Welcome to the airport terminal of the future.
There are self-service bag drops but no check-in desks. Your passage is seamless, punctuated behind the scenes only by discrete Near Field Communication (NFC) sensors.
Occasionally you stop to scan your NFC-enabled smartphone at a touch point. Your biometric information, picked up by automated surveillance cameras, will ensure there's no need to queue up to see whether you pose a security threat.
This is where travel needs to be, say technologists who also insist that their wizardry, if employed universally, could solder together the jagged edges of the industry.
It may sound far-fetched, but automated systems that talk to handheld devices are in the trial stage: Here in Australia, Qantas has rolled out frequent flyer cards with radio frequency identification (RFID) tags to streamline the luggage-tagging process; Japan Airlines (JAL) is deploying NFC-based mobile boarding passes later this year for domestic flights.

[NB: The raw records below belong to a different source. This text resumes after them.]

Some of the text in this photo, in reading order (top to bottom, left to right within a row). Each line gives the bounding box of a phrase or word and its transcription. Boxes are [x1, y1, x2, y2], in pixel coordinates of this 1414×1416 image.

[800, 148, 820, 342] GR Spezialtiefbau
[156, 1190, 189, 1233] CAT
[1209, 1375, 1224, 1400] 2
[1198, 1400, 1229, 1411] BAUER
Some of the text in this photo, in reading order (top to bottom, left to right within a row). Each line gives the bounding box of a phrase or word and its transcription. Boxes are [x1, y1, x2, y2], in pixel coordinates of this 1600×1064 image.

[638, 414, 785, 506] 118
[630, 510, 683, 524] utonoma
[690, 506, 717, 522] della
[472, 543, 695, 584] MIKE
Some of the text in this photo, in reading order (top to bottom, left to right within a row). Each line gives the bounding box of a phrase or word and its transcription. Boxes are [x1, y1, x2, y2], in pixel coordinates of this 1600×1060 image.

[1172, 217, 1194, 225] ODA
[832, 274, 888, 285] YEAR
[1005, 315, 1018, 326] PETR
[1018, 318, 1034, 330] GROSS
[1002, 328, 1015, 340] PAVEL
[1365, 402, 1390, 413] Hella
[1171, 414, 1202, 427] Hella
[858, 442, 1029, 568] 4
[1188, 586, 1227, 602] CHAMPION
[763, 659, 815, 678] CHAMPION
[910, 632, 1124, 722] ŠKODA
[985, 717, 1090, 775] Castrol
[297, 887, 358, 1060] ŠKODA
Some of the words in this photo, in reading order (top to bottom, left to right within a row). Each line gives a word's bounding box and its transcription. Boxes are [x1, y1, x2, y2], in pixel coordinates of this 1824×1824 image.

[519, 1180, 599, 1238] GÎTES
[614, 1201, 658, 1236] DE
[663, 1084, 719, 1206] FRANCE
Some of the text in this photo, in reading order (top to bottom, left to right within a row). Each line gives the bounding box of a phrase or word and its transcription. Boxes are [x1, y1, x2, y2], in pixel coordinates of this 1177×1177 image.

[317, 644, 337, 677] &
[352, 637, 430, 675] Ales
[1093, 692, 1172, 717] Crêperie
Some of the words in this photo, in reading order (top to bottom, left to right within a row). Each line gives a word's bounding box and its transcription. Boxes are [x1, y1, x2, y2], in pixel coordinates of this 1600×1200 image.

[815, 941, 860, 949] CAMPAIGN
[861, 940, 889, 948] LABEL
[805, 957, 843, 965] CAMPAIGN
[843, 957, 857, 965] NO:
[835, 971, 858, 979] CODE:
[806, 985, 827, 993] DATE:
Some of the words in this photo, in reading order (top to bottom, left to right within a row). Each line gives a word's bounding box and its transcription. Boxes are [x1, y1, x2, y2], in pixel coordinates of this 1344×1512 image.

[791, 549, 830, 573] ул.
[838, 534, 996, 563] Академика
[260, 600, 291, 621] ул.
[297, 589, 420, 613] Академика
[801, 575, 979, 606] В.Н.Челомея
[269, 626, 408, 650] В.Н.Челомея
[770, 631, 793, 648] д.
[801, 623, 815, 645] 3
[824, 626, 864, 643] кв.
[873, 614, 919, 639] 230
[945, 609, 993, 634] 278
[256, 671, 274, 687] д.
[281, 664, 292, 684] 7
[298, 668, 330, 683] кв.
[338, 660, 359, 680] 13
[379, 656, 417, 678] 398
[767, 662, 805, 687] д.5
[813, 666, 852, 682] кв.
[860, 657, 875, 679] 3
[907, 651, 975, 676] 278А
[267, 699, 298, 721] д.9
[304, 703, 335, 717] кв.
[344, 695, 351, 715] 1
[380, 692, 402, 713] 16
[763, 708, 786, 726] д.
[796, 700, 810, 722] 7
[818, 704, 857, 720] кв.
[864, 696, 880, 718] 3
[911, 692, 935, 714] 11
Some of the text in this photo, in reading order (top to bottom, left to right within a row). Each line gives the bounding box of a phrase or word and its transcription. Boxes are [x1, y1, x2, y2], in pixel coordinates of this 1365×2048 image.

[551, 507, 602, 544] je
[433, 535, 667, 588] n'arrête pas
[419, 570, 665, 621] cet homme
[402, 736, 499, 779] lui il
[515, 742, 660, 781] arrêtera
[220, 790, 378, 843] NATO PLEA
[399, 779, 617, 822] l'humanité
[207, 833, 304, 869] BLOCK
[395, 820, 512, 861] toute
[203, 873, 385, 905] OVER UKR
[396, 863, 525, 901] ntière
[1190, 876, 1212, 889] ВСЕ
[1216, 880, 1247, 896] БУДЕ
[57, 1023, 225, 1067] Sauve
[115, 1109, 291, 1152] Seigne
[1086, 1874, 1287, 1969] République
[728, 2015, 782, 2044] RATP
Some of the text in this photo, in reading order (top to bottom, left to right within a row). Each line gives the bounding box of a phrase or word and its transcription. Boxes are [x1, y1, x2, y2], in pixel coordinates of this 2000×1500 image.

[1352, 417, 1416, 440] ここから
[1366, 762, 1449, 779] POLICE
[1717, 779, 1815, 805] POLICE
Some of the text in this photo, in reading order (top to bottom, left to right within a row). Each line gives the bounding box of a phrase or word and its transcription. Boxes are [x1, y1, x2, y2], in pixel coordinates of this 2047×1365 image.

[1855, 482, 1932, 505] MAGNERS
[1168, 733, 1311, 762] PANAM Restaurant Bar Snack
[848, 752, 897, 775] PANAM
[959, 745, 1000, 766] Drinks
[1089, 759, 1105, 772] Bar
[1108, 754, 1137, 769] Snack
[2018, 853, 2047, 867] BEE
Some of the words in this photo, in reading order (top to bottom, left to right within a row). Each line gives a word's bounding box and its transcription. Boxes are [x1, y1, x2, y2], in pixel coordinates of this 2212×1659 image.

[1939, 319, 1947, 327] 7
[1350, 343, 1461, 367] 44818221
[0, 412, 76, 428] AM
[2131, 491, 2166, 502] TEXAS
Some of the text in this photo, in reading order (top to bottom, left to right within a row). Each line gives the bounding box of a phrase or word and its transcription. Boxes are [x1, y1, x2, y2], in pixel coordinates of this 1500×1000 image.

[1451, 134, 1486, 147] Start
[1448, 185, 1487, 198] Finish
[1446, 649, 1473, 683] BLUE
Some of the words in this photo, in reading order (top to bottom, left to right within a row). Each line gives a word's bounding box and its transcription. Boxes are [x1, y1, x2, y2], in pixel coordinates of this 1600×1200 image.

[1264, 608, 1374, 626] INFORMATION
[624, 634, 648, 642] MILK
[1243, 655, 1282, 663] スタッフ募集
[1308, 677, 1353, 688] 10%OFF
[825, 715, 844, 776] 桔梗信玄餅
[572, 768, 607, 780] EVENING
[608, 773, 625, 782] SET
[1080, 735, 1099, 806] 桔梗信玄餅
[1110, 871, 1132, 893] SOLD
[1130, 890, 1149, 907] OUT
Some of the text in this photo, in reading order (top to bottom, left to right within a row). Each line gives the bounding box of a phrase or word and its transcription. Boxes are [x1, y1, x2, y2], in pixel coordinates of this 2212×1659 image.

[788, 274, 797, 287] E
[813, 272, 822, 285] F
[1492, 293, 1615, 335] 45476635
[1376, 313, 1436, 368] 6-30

"Technology is joining the dots by giving passengers the opportunity to 'automate' their way through the airport touch points," says Renaud Irminger, a director at air transport communications and IT solutions provider SITA.
But a report from global IT group Amadeus on how airlines, airports, ground transportation firms and hotels can be more collaborative, argues that there is no focus on the interfaces where travellers feel the pain.
Andrew Curry, a director of The Futures Company who helped research the Amadeus report (Read the full report here), said that if nobody leads on this, nothing could happen for five or 10 years.
Recent SITA surveys have reported that of the top 50 airlines almost 80 per cent are planning to deploy NFC technology by 2014, but only 27 per cent of airports expect to implement the technology by then.
This could be because they are unsure if the investment is worthwhile. For mobile solutions to work internationally for example, agreement across multiple jurisdictions would need to overcome a jungle of data privacy and security regulations.
"If only 10 per cent of customers use new technology, all the old systems must remain, meaning you've simply added another layer of complexity, not greater simplicity," said Peter Morris, chief economist at aviation consultancy Ascend.
SITA projects 80 per cent of travellers will use mobile check-in by 2018. Forced to bear the brunt of check-in responsibility, it is far from certain whether passengers will benefit from these airports of the future.
"We remain to be convinced about customer reaction, which should be measured by proper impartial surveys rather than simple assertions by self-interested purveyors of technology," Morris said.
Paul Behan, head of passenger experience at the International Air Transport Association (IATA), said a focus on mobile boarding neglects other aspects of traveller stress.
"The boarding process itself is not necessarily a major hassle for passengers; rather any frustration seems to come from the issue of trying to find all-important luggage space in the overhead bins."
The benefits of new technology are certainly being enjoyed by the aviation industry. IATA's "Simplifying the Business" programme is, it has said, saving around $US5.5 billion ($A5.13 billion) a year from the switch to e-ticketing, bar-coded boarding passes and self-service kiosks.
An ongoing baggage programme replacing manual luggage systems will save an estimated $US1.9 billion per year.